* **BRIEF**
Without any pictures, restate the full set of records below exactly.

◇ ◇ ◇ ◇ ◇

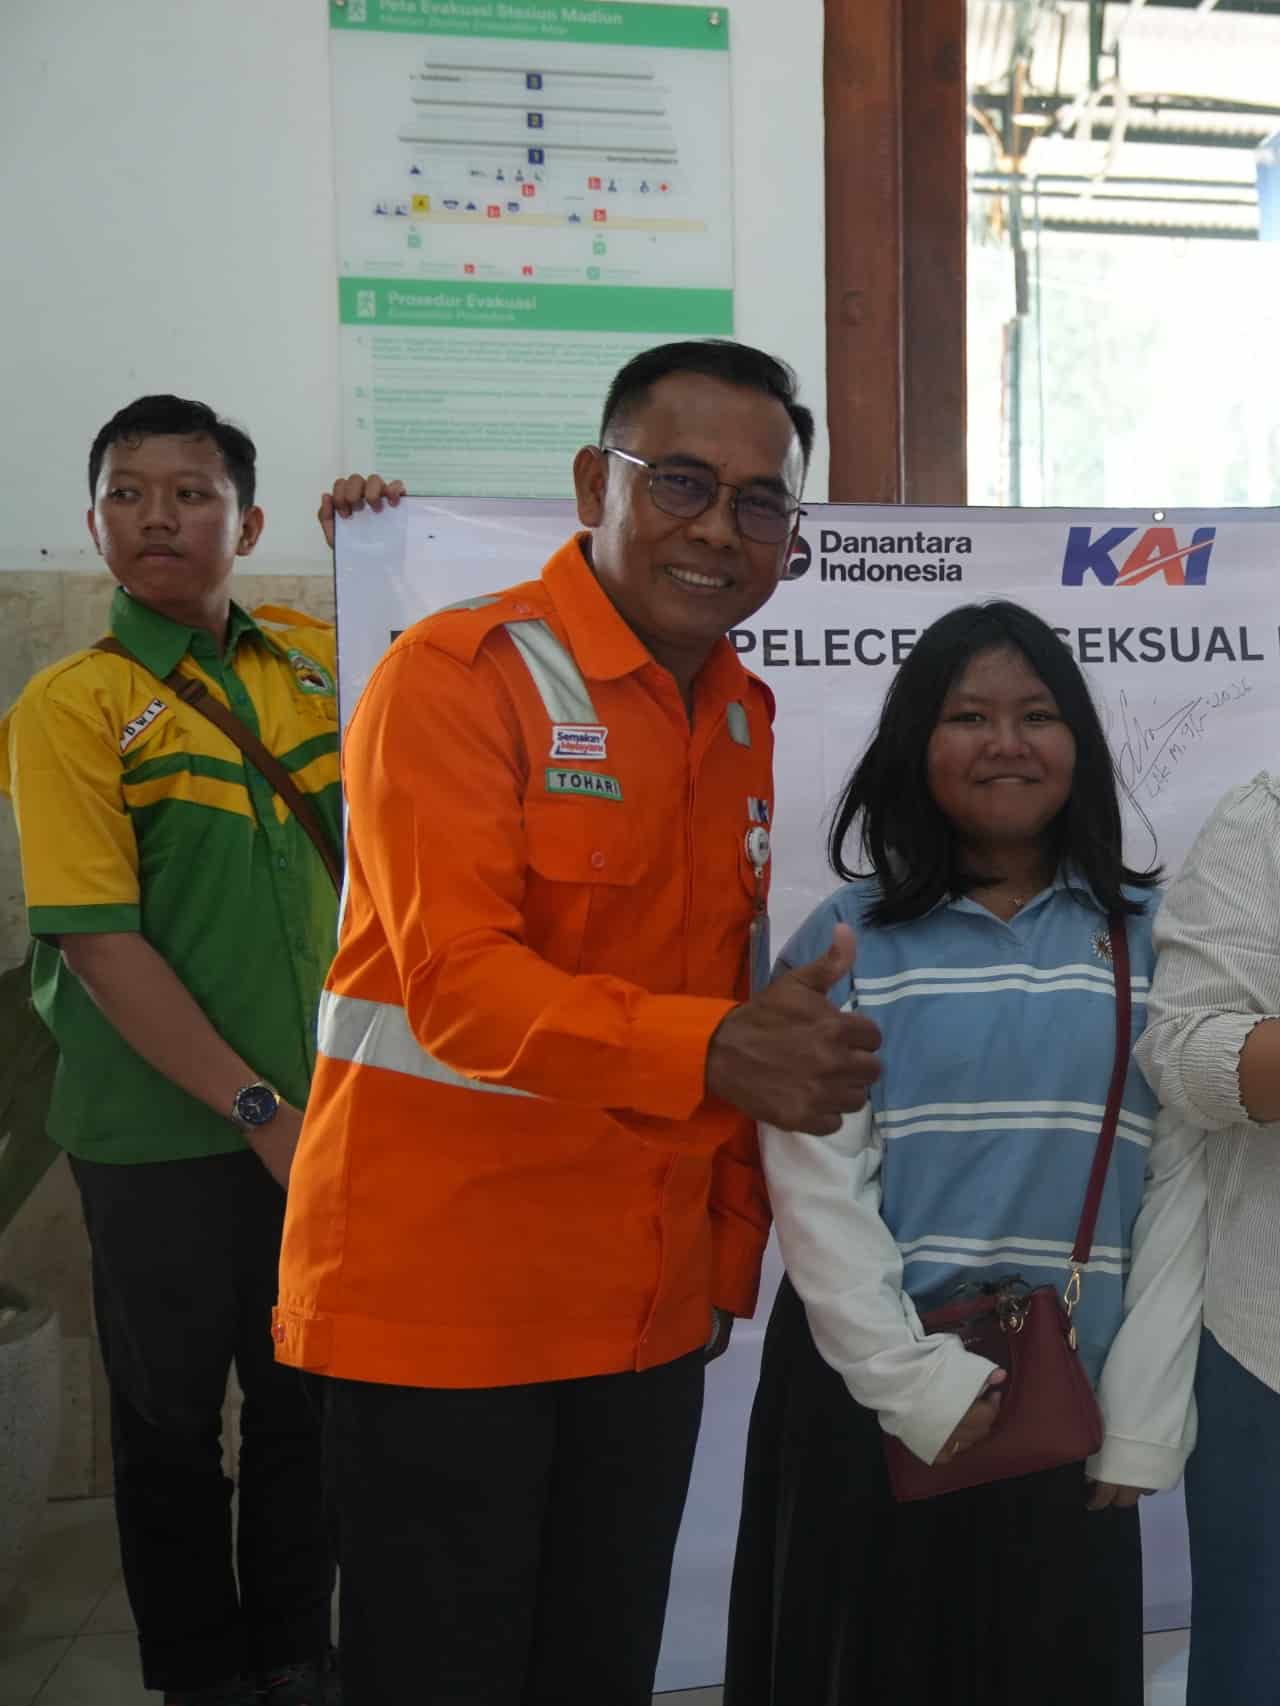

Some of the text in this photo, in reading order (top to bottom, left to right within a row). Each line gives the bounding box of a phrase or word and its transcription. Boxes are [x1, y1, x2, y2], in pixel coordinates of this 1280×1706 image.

[820, 529, 972, 554] Danantara
[1061, 526, 1217, 587] KAI
[820, 557, 963, 582] Indonesia
[728, 628, 928, 667] PELECE
[556, 731, 601, 744] Semakin
[557, 773, 619, 796] TOHARI

◇ ◇ ◇ ◇ ◇

* **RESPONSE BELOW**
Some of the text in this photo, in reading order (top to bottom, left to right within a row). Each line gives the bounding box of a phrase or word and its transcription. Boxes are [x1, y1, x2, y2], in pixel coordinates of this 1280×1706 image.

[820, 529, 972, 554] Danantara
[1061, 526, 1217, 587] KAI
[820, 557, 963, 582] Indonesia
[728, 628, 928, 667] PELECE
[556, 731, 601, 744] Semakin
[557, 773, 619, 796] TOHARI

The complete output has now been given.